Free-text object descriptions
——

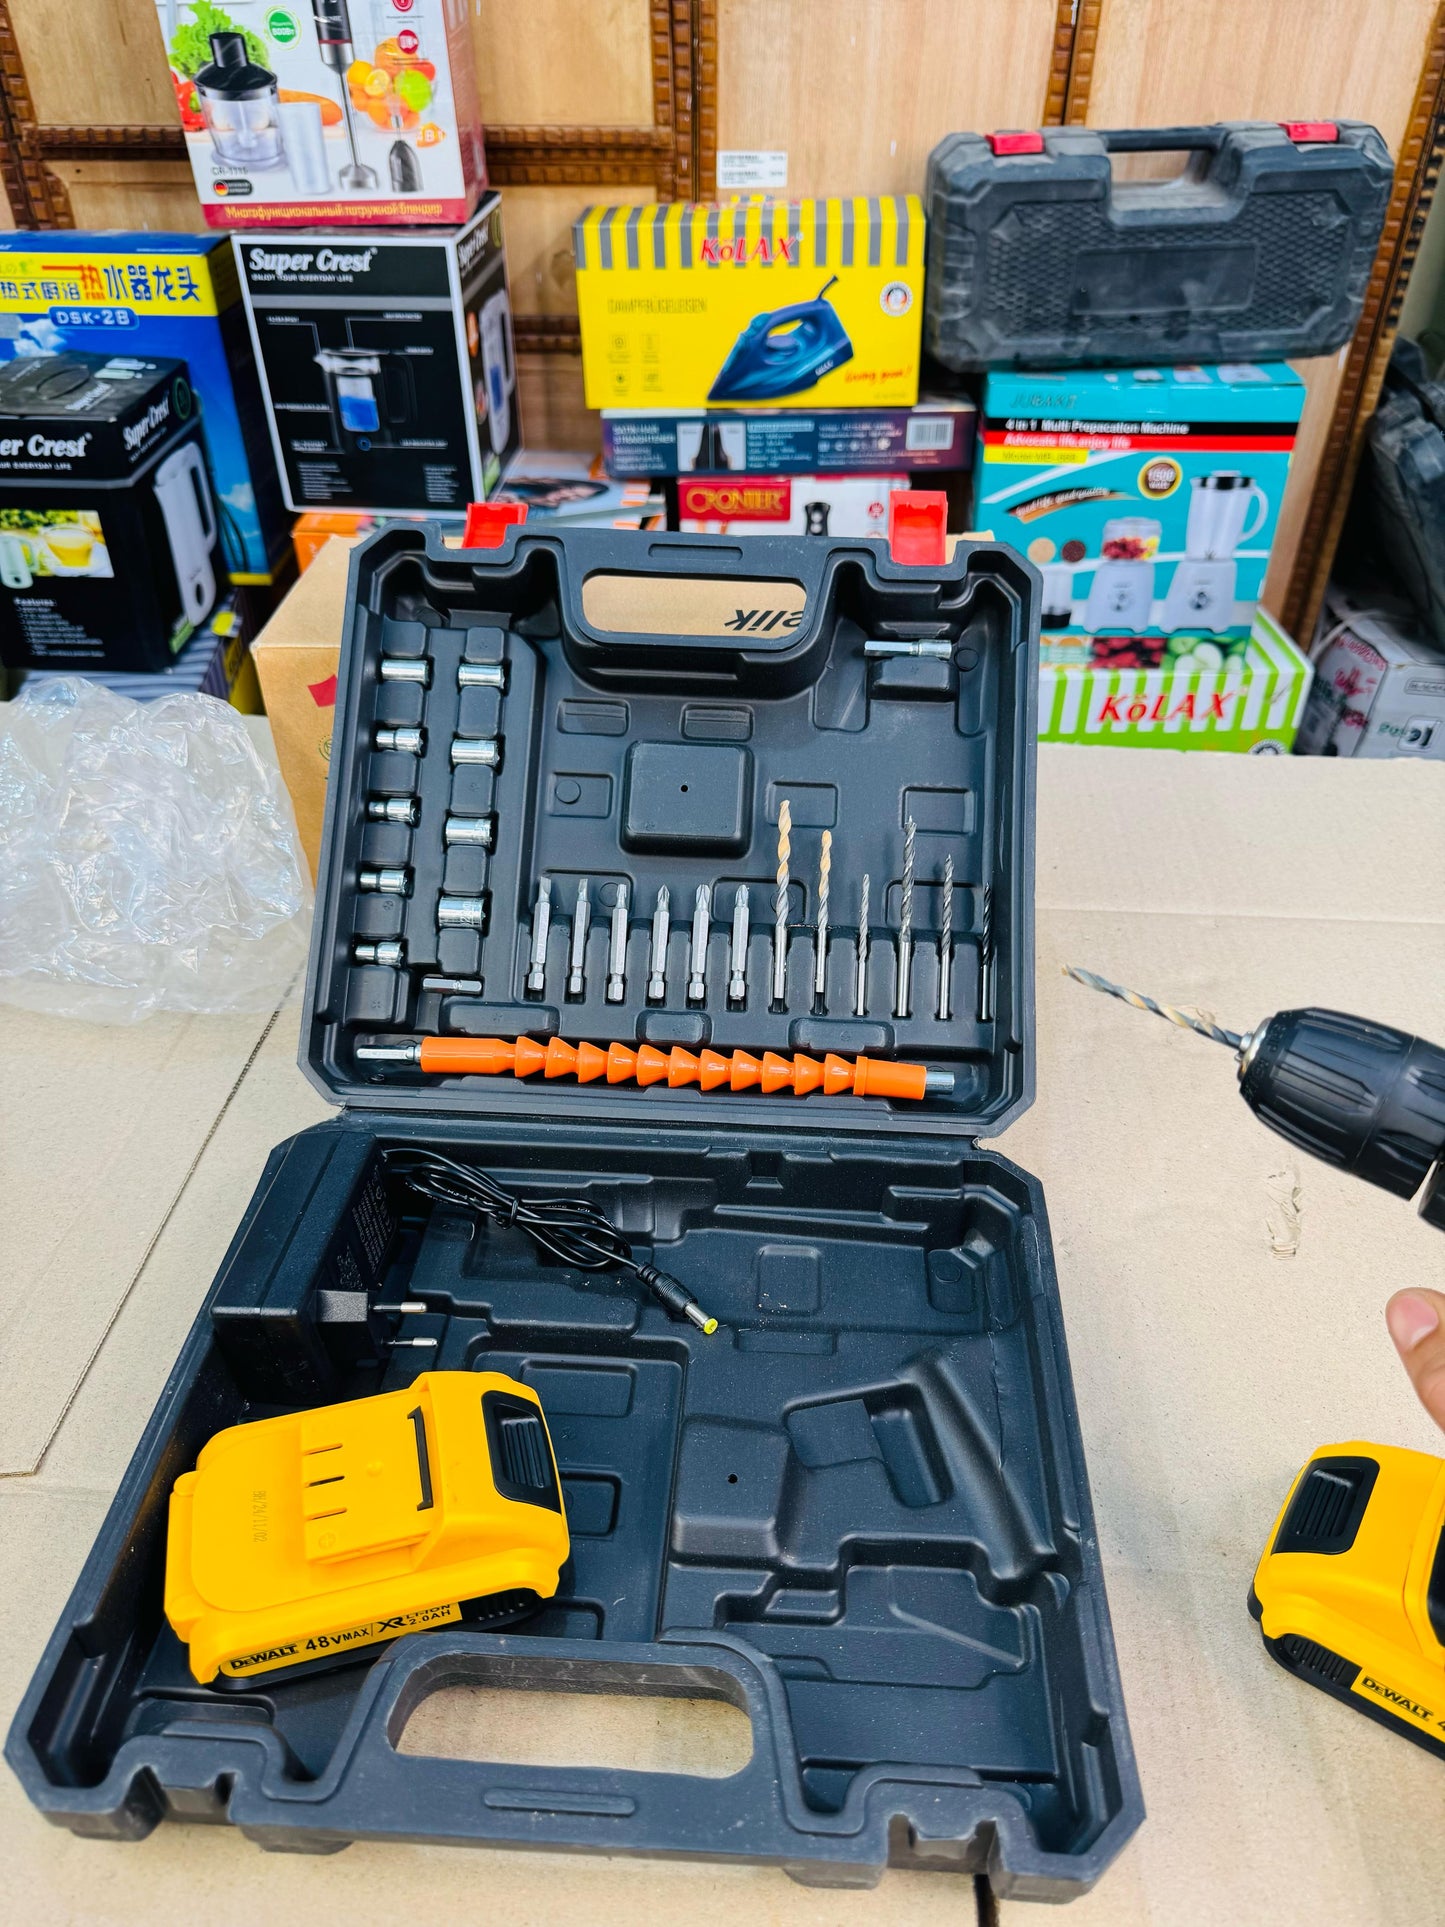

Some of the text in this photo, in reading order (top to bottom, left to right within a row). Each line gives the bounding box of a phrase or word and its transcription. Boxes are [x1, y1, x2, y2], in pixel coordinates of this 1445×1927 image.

[250, 248, 372, 276] Super Crest
[27, 433, 87, 457] Crest
[123, 416, 149, 450] Super
[408, 1609, 452, 1626] 2.0AH
[230, 1643, 299, 1670] DeWALT
[378, 1615, 404, 1633] XR
[1361, 1675, 1434, 1721] DeWALT

——

§ THE TASK:
Take the entries above and set them down exactly, minus the pictures.

§ RESPONSE BOX:
Some of the text in this photo, in reading order (top to bottom, left to right within a row). Each line gives the bounding box of a phrase or word and its transcription. Boxes are [x1, y1, x2, y2], in pixel coordinates of this 1445×1927 image.

[250, 248, 372, 276] Super Crest
[27, 433, 87, 457] Crest
[123, 416, 149, 450] Super
[408, 1609, 452, 1626] 2.0AH
[230, 1643, 299, 1670] DeWALT
[378, 1615, 404, 1633] XR
[1361, 1675, 1434, 1721] DeWALT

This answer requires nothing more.